I never called them 8 bit images. I wrote 8 bits per channel. Each of RGB are channels. An RGBA image has 4 channels. A grayscale image has one channel. This is standard terminology. So an 8 bits per channel image with three channels is a 24 but image.
It is very precise terminology, used correctly. It's also covered in your links; you can read it there.
Now, if you encode gray levels in RGB, at 8 bits per channel, you do indeed end up with only 256 gray levels in the image, because for each pixel, R=G=B.
Actually the coefficients are 12 bit in JPEG, before quantization. In principle you can make pretty accurate 10-bit HDR JPEG files, and with an accurate JPEG decoder, it would work well enough.
The most common JPEG decoders though (in particular libjpeg-turbo) are using a cheap but not super precise iDCT that has 8-bit YCbCr as output, which then gets chroma-upsampled if needed and converted to 8-bit RGB. That causes the effective precision in reds and blues to be only 7-bit. But in principle you could have about 10 bits of effective RGB precision, it just requires a sufficiently precise JPEG decoder.
Alternatively, if you're being confused by the quoted intermediate DCT precision, that's not relevant to the final output either. You cannot implement any transform, DCT especially, without having intermediate values with a greater range than the input or output. Like, even a simple average of two 8-bit values (a+b)/2 has an intermediate range of 9 bits.
The JPEG spec does specify both 8 and 12 bit sample precision for lossy, but I don't think anyone ever implemented 12-bit since libjpeg never cared about it.
Libjpeg does have support for it. Unfortunately, you have to have two copies of the library, one for 8 bit and one for 12. And you have to rename all the API methods in one of the libraries so you dont get name collisions. I believe that LibTIFF has a build configuration for this so that 12bit JPEG data can be encapsulated in a TIFF file.
Fair enough, but the end result is what really matters, and I regularly see banding in the skies of photos. Some people add grain just to help deal with that, which is a ridiculous problem to have in 2022.
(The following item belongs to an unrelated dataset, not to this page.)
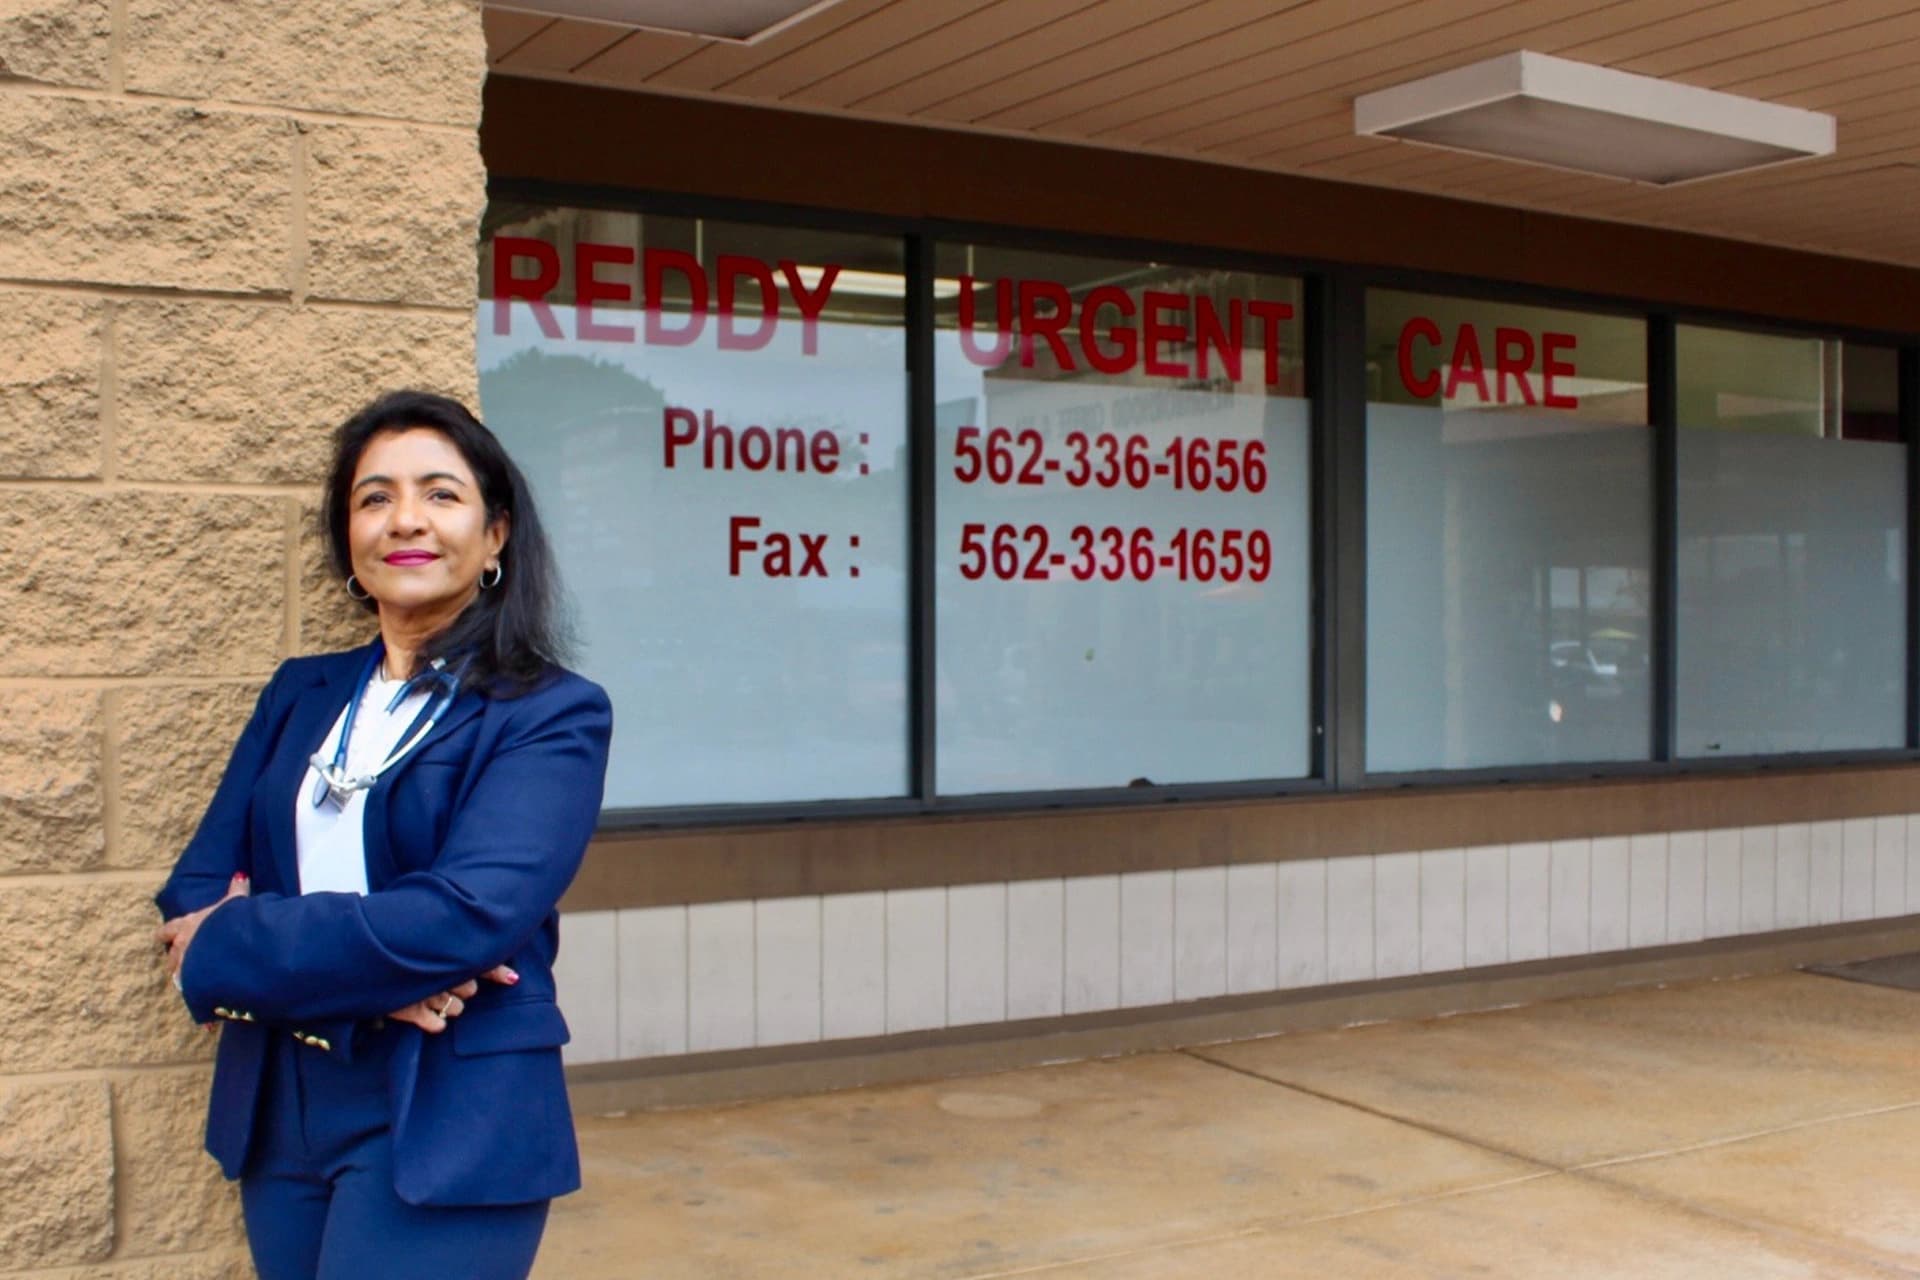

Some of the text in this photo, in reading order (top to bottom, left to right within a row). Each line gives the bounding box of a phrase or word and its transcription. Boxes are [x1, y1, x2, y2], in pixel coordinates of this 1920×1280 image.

JPEG2000 wasn't technically better enough; wavelets are too blurry and less efficient to decode. For some reason there was an epidemic of terrible codec designs for a decade or two, though it could've all been patent avoidance.
Wavelets were a great idea... except AFAIK we never figured out fast algorithms or hardware implementations to optimize processing them, the way we did with Fourier Transform and the FFT algorithm and IDCT blocks.
A lifting implementation of a wavelet is pretty low complexity, iirc the CDF 9/7 used in JPEG2000 was effectively a 5-tap filter. Implementation-wise, the biggest issue is that approximately no one bothered optimizing their memory access patters for CPU caches with anywhere near the same attention FFTs got. Then unlike block-based codecs, you basically need to store 16-bit coefficients for an entire frame for 8-bit pixels, instead of per-block.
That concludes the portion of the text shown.